**What you have to do**
Output each record below exactly, leaving any picture out of the copy.

───── Extracted material

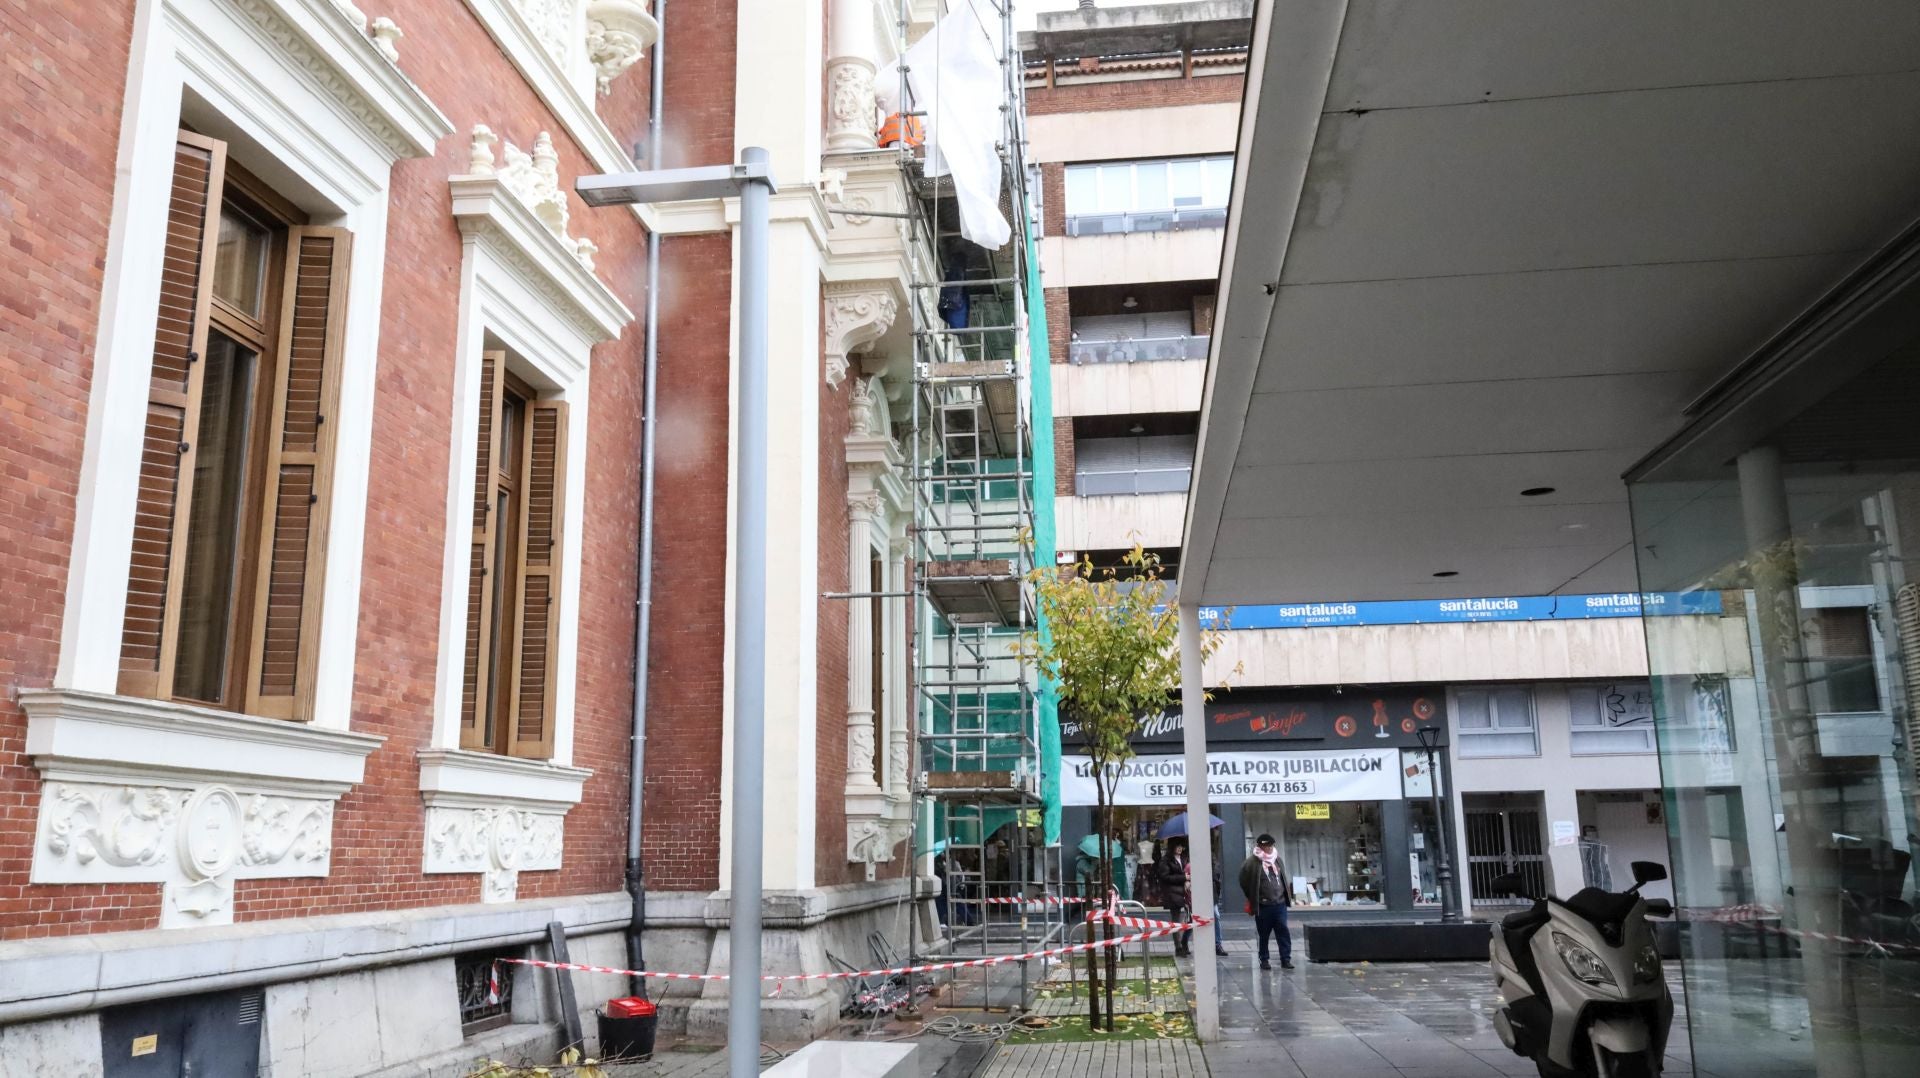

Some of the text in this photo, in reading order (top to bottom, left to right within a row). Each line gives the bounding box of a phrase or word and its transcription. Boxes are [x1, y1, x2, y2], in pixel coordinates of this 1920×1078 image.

[1279, 603, 1357, 617] santalucía
[1244, 760, 1280, 775] POR
[1283, 754, 1382, 778] JUBILACIÓN
[1150, 785, 1164, 796] SE
[1235, 783, 1257, 794] 667
[1261, 782, 1281, 794] 421
[1284, 781, 1308, 793] 863

──────────

**The completed task**
Some of the text in this photo, in reading order (top to bottom, left to right within a row). Each line gives the bounding box of a phrase or word and its transcription. Boxes are [x1, y1, x2, y2], in pixel coordinates of this 1920×1078 image.

[1279, 603, 1357, 617] santalucía
[1244, 760, 1280, 775] POR
[1283, 754, 1382, 778] JUBILACIÓN
[1150, 785, 1164, 796] SE
[1235, 783, 1257, 794] 667
[1261, 782, 1281, 794] 421
[1284, 781, 1308, 793] 863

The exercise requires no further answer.